# Week 2 Homework: Exploratory Data Analysis (EDA)
---
In this week's homework, you'll practice the exploratory data analysis (EDA) skills you learned during lecture and lab this week. You will work with three datasets and learn more about them.

There is optional additional practice to practice data cleaning and wrangling if your lab group completed those sections. 
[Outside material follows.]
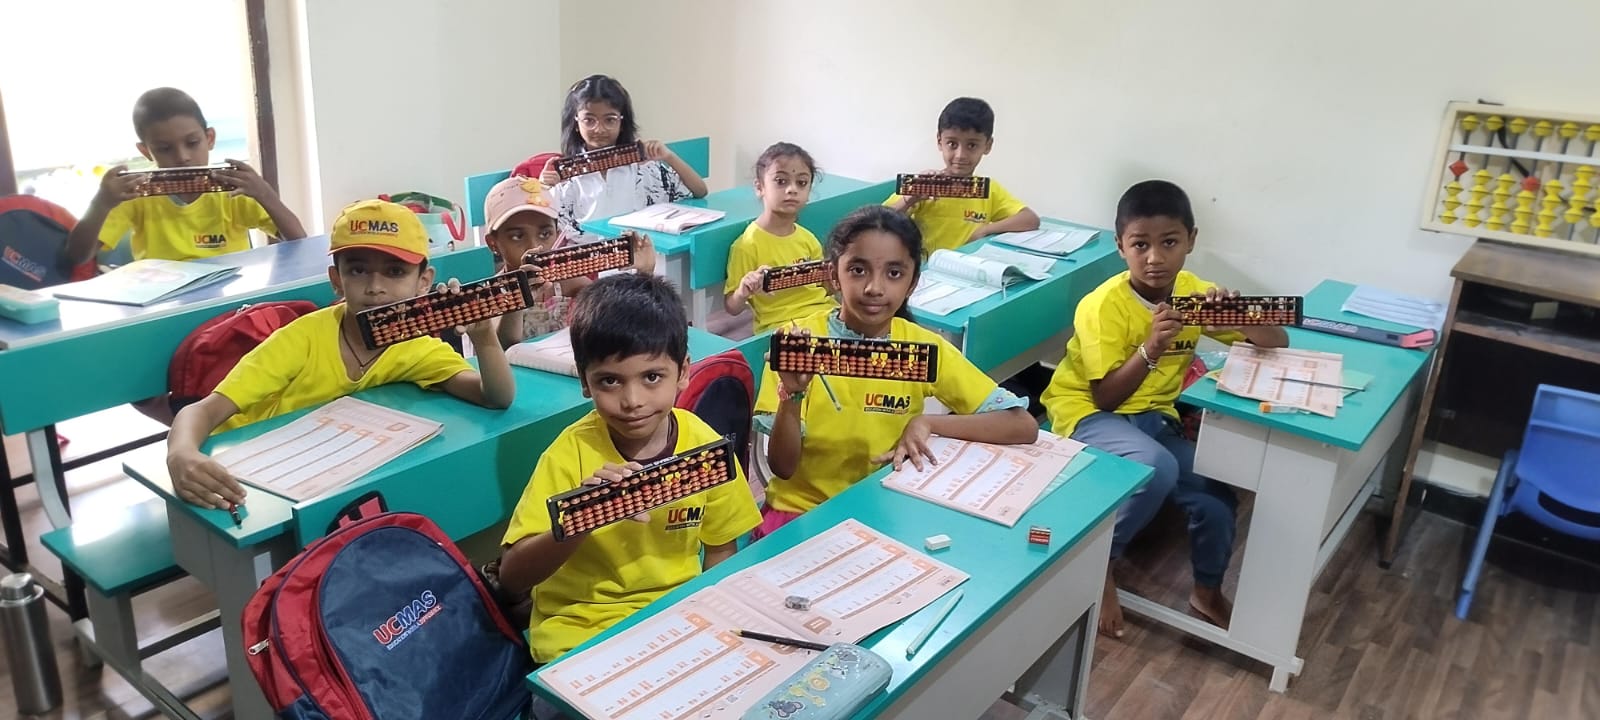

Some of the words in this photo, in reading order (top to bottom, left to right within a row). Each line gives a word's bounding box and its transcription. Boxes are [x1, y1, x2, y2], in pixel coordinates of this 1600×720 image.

[350, 220, 399, 233] UCMAS
[193, 234, 227, 244] UCMA
[373, 590, 437, 645] UCMAS
##### **Make sure to run these libraries before starting.**

In [None]:
# import pandas as pd 
import pandas as pd

# Import datasets submodule
from sklearn import datasets

## **Dataset #1**
---

The dataset below contains information about 10 U.S. States in alphabetical order. 

In [None]:
df = pd.DataFrame({'U.S. State':['Alabama', 'Alaska', 'Arizona', 'Arkansas', 'California', 'Colorado', 'Connecticut', 'Delaware', 'Florida', 'Georgia'], 
                         'Size (mi)': [52420, 665384, 113990, 53178, 163695, 104094, 5543, 2489, 65758, 59425], 
                         'Number of U.S. Representatives':[7, 1, 9, 4, 53, 7, 5, 1, 27, 14]}) 

In [None]:
df

Unnamed: 0,U.S. State,Size (mi),Number of U.S. Representatives
0,Alabama,52420,7
1,Alaska,665384,1
2,Arizona,113990,9
3,Arkansas,53178,4
4,California,163695,53
5,Colorado,104094,7
6,Connecticut,5543,5
7,Delaware,2489,1
8,Florida,65758,27
9,Georgia,59425,14


#### **Exercise 1:** How many variables are there?

In [None]:
df.size

30

#### **Exercise 2:** What is the data type of `U.S. State`?

In [None]:
df.dtypes

U.S. State                        object
Size (mi)                          int64
Number of U.S. Representatives     int64
dtype: object

#### **Exercise 3:** What is the mean of the variable `Size`?

In [None]:
df.describe()

Unnamed: 0,Size (mi),Number of U.S. Representatives
count,10.0,10.0
mean,128597.6,12.8
std,194780.758633,16.047153
min,2489.0,1.0
25%,52609.5,4.25
50%,62591.5,7.0
75%,111516.0,12.75
max,665384.0,53.0


#### **Exercise 4:** What is the average number of U.S. House of Representatives that each state has?

In [None]:
df["Number of U.S. Representatives"].mean()

12.8

## **Dataset #2**
---

This DataFrame loads data from the NBA including the game matchups, location, all shots taken, when on the shot clock they were taken, whether the shot was a make or a miss, the shooter, the closest defender, and more.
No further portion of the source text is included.